Set your camera up to take multiple exposures quickly. This paired with a fast write-speed memory card and a fast shutter speed is a great way to make sure you don’t miss the action. To prevent you from hitting your camera buffer, shoot in bursts, when the action is happening.

Back button focus

Alocates AF-ON to focus (or any other button), removing the function from the shutter button. This allows the AF-ON button to function as servo mode focus or single shot focus without changing focus modes. Keep your camera in servo/AF-C mode (continuous focus).

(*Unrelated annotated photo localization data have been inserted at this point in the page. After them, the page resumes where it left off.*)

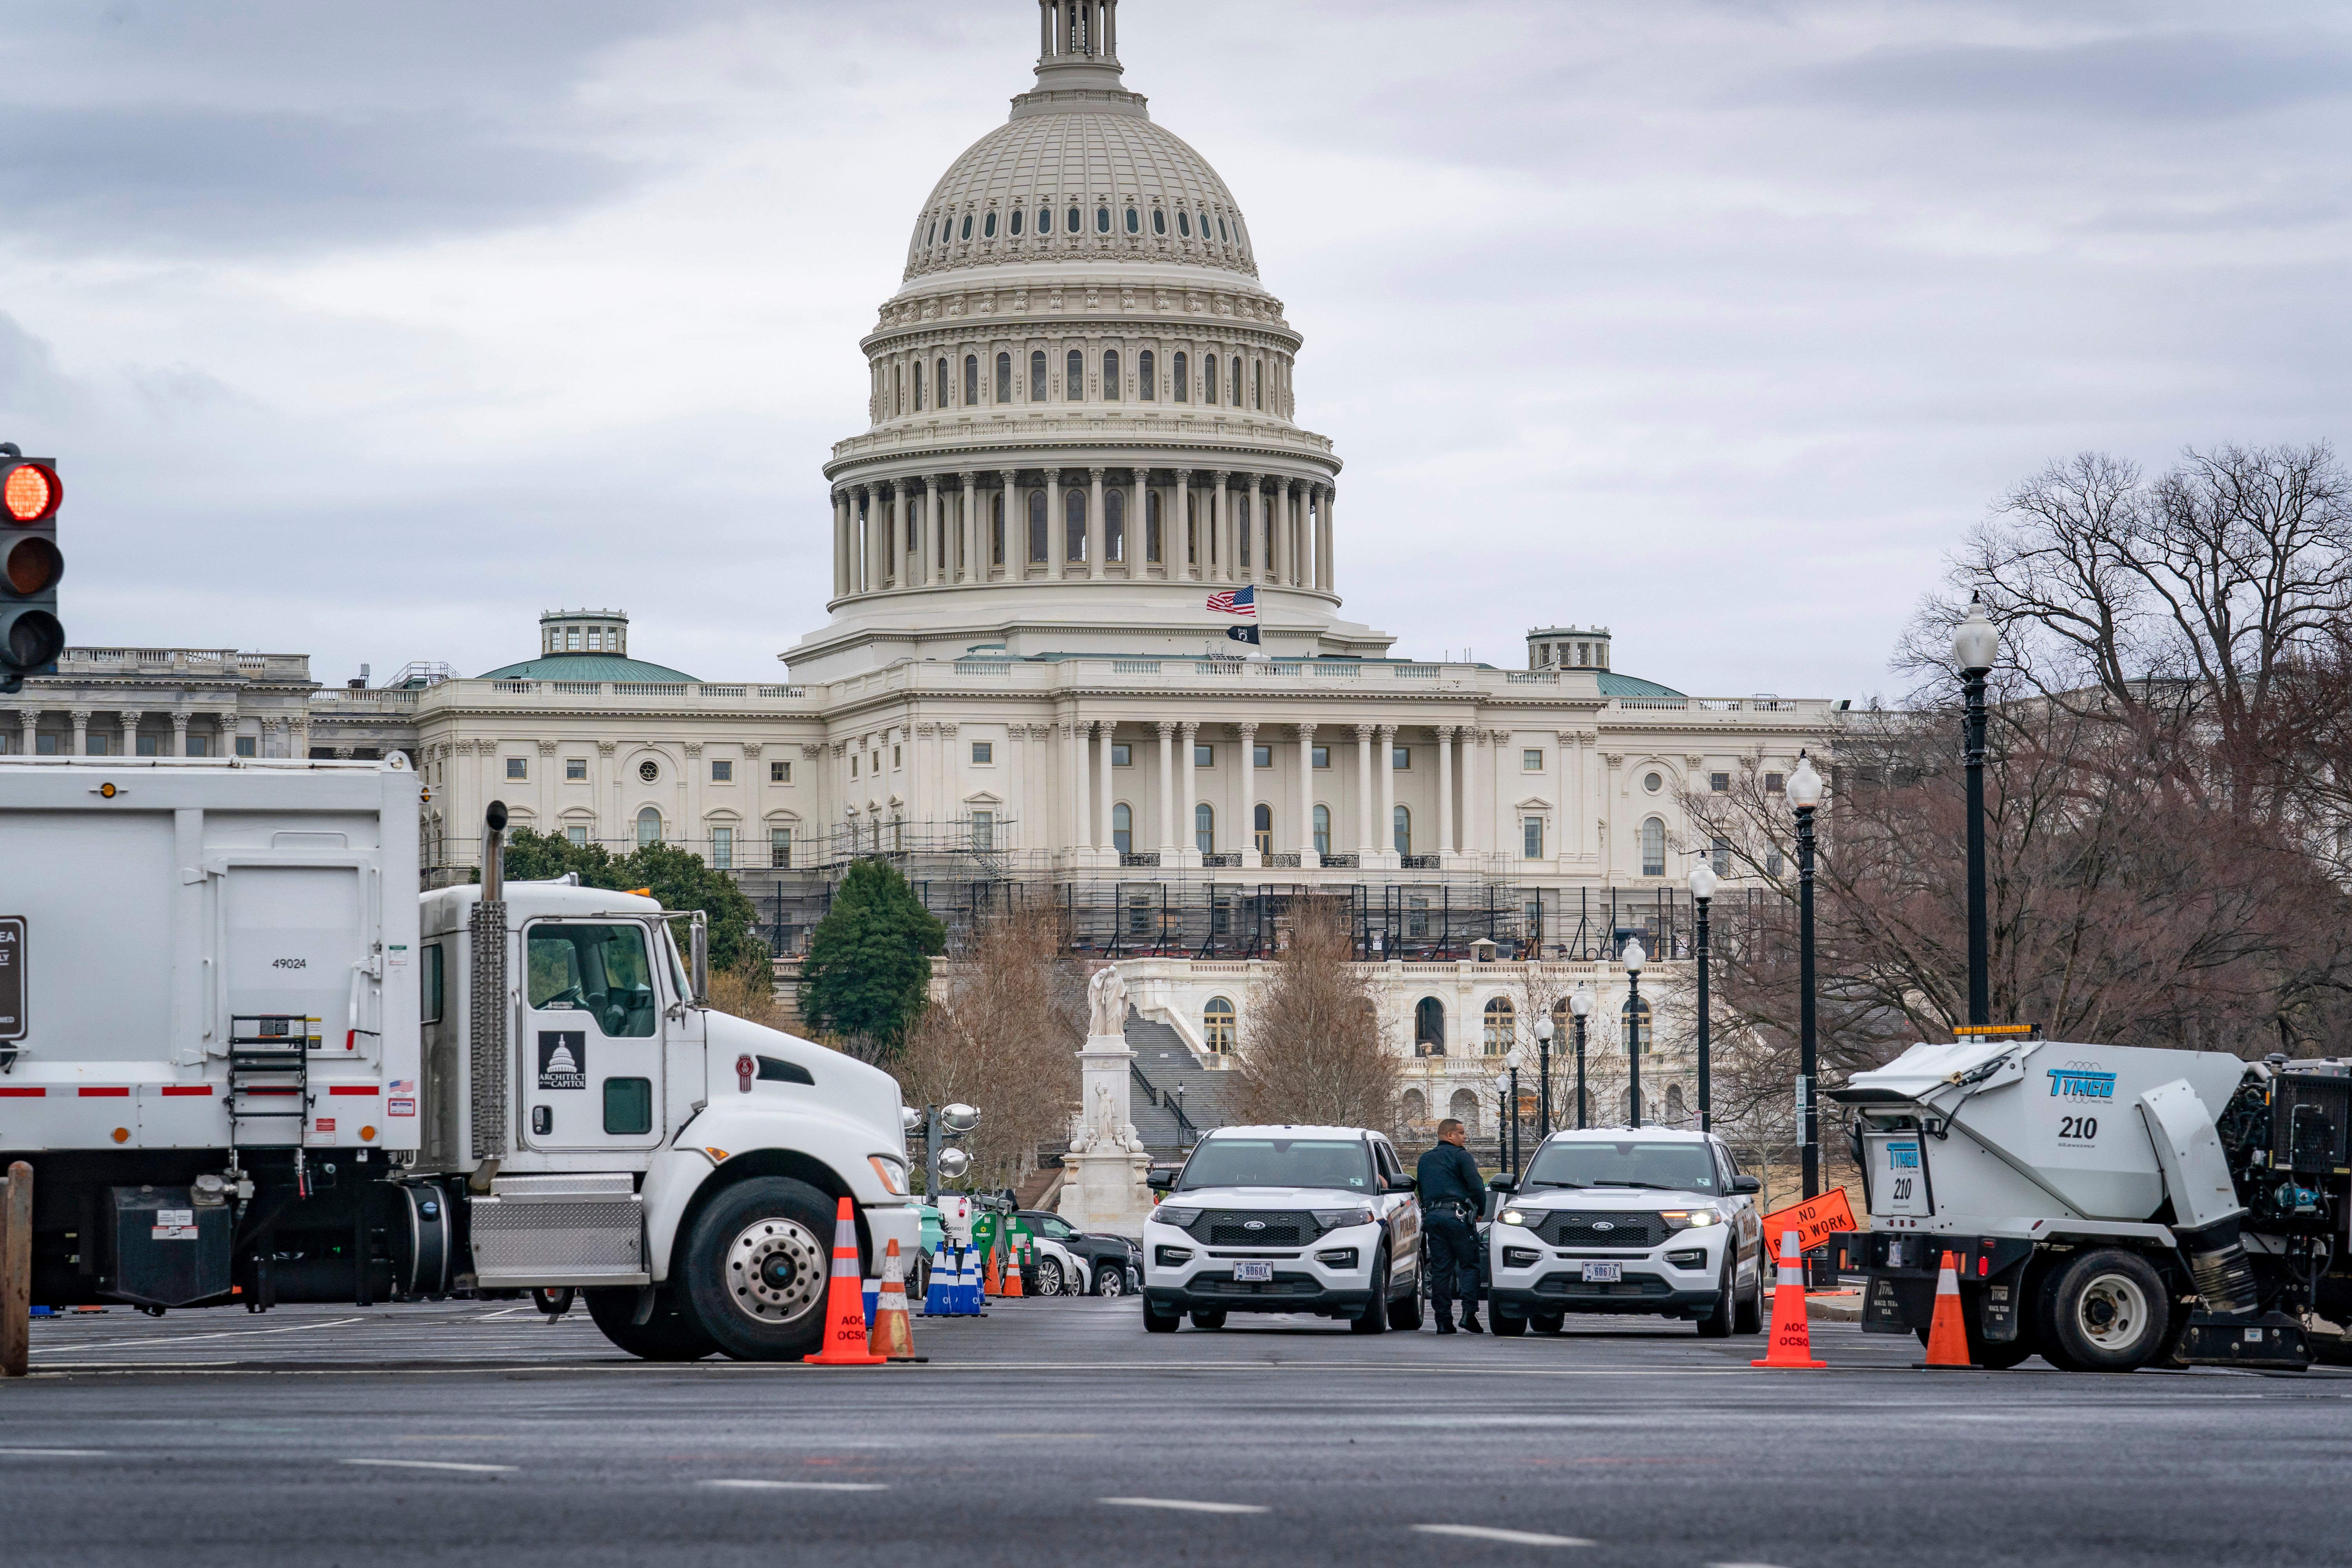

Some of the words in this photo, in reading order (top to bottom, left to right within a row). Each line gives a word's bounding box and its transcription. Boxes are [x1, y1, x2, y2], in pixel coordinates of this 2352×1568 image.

[272, 959, 306, 968] 49024
[2047, 1069, 2117, 1098] TYMCO
[2058, 1116, 2097, 1139] 210
[1886, 1142, 1918, 1170] TYMCO
[1893, 1178, 1912, 1200] 210
[1773, 1230, 1806, 1251] RD
[1809, 1214, 1847, 1237] WORK
[1246, 1266, 1267, 1276] 6068X
[1595, 1267, 1617, 1276] 6067X
[841, 1316, 863, 1325] AOC
[1784, 1323, 1806, 1332] AOC

Red Grouse flying above heather in north Wales.
Red Grouse, Shot at Worlds End, North Wales.
Gear: Nikon D7200 + Tamron 16-300mm f/3.5-6.3. Settings: 1/500s at f/7.1, ISO 2000, 250mm.

Shutter speed

Required shutter speeds can vary from very fast shutter speeds for small birds in flight to slow shutter speed shots of large birds or animals on the ground. Typically you want to have a shutter speed which is high enough to achieve in-focus images, but also low enough to maintain a low ISO and therefore low noise.

A general rule is to keep your shutter speed faster than your 1/focal length. e.g 1/300s for a 300mm lens. That being said, this depends on how steady you are, image stabilisation and of course the speed of your subject.

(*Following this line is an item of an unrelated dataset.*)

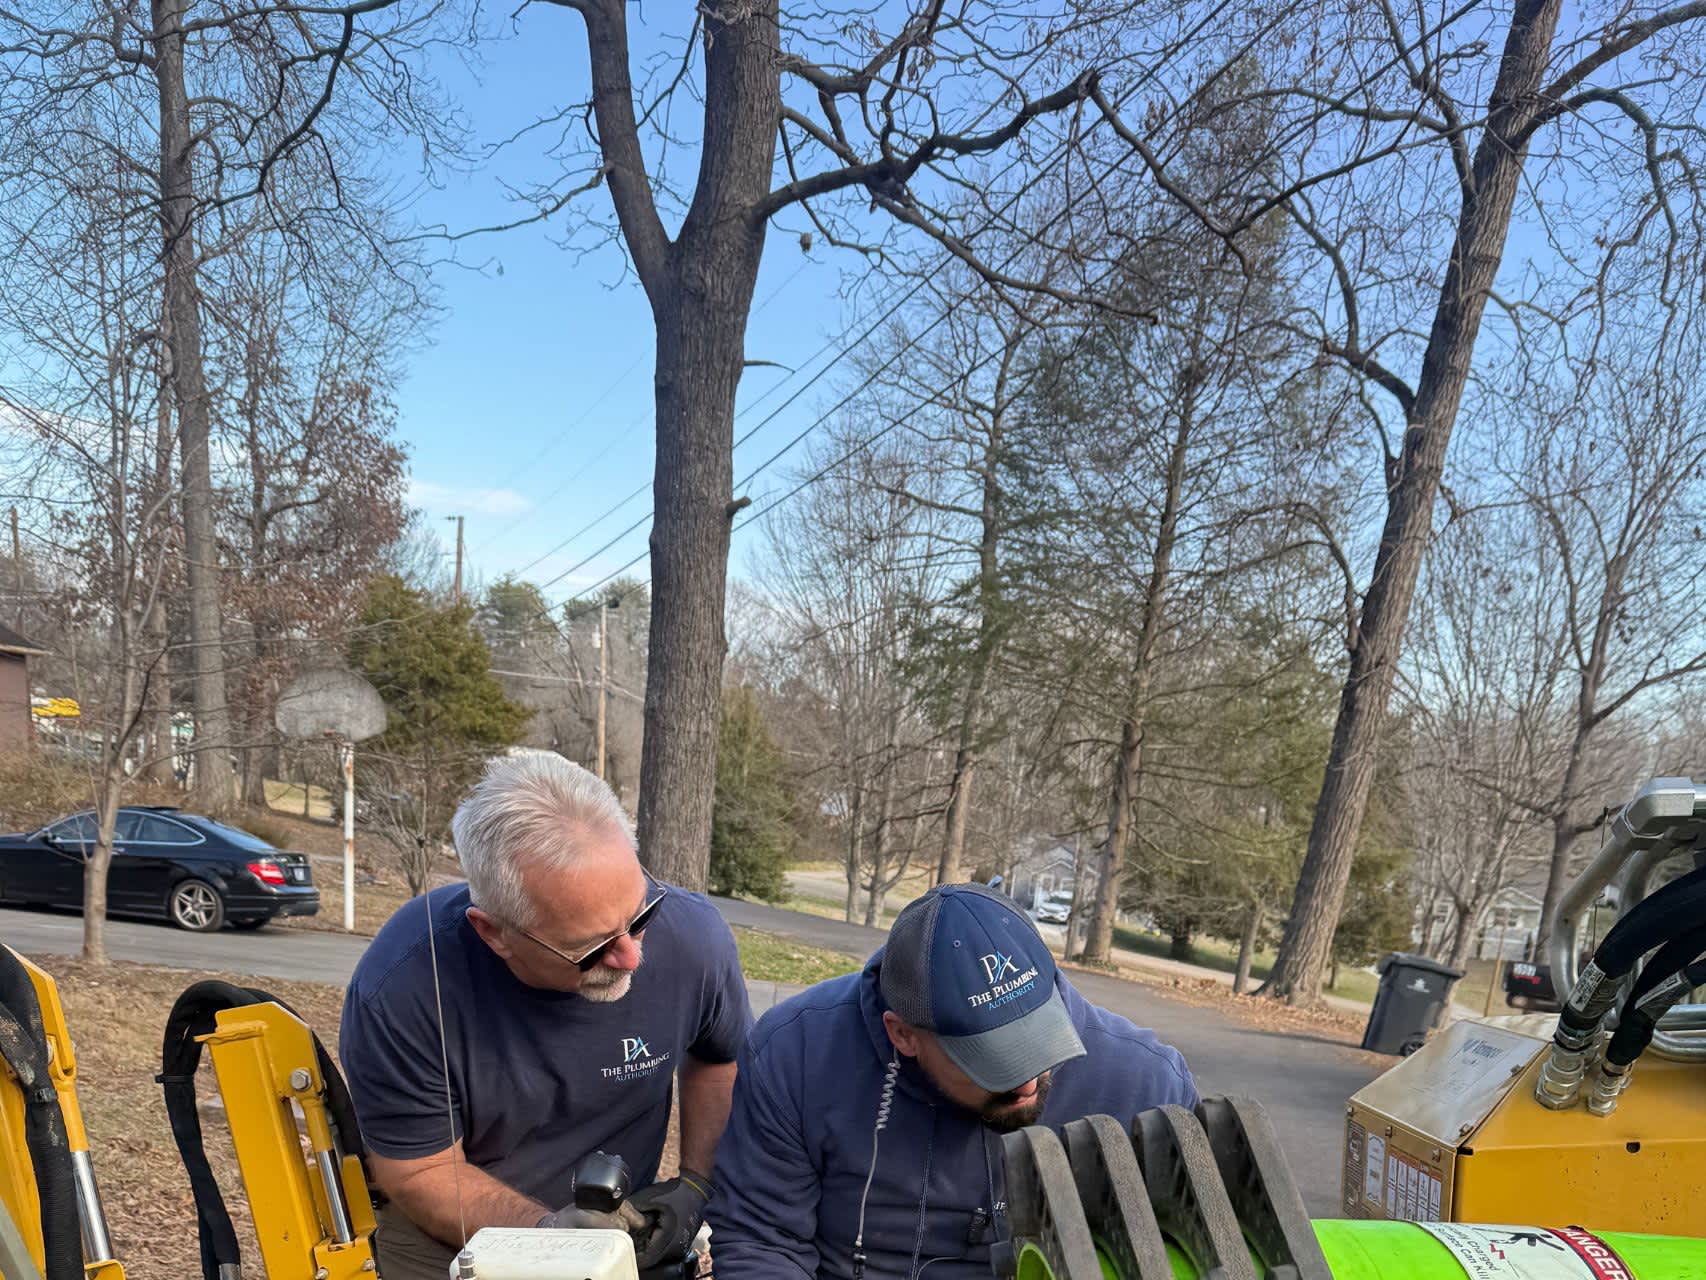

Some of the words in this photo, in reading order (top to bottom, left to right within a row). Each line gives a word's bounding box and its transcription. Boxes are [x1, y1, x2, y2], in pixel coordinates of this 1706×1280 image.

I’ve provided some general shutter speed guidance below, for focal lengths of around 300mm, on a crop sensor camera. However, you will need to test and check what works for you, with your gear in a given situation.

For still wildlife I have found I can go as low as 1/100s, even at 300mm focal lengths, this is with vibration control on the lens turned on. But sticking to 1/320s or above is probably a safer bet.

For moving animals or birds around 1/500s would be a minimum, and something I would use for panning as well.

For flying birds or fast action, 1/1000s and above is required, for small birds even faster at 1/2000s+.

Hummingbird Hawk-moth hovering next to flowers feeding on nectar.
Hummingbird Hawk-moth, North Wales.
Gear: Nikon D3200 + Tamron 16-300mm f/3.5-6.3. Settings: 1/1000s at f/6.3, ISO 400, 300mm.


ISO increases the light sensitivity of your sensor. It’s increased when there is insufficient light to maintain the correct exposure for a given lighting, shutter speed and aperture combination.

Set this as high as necessary but as low as possible, this will depend on your camera capabilities. Remember, a higher ISO is far better than a blurry image due to low shutter speed.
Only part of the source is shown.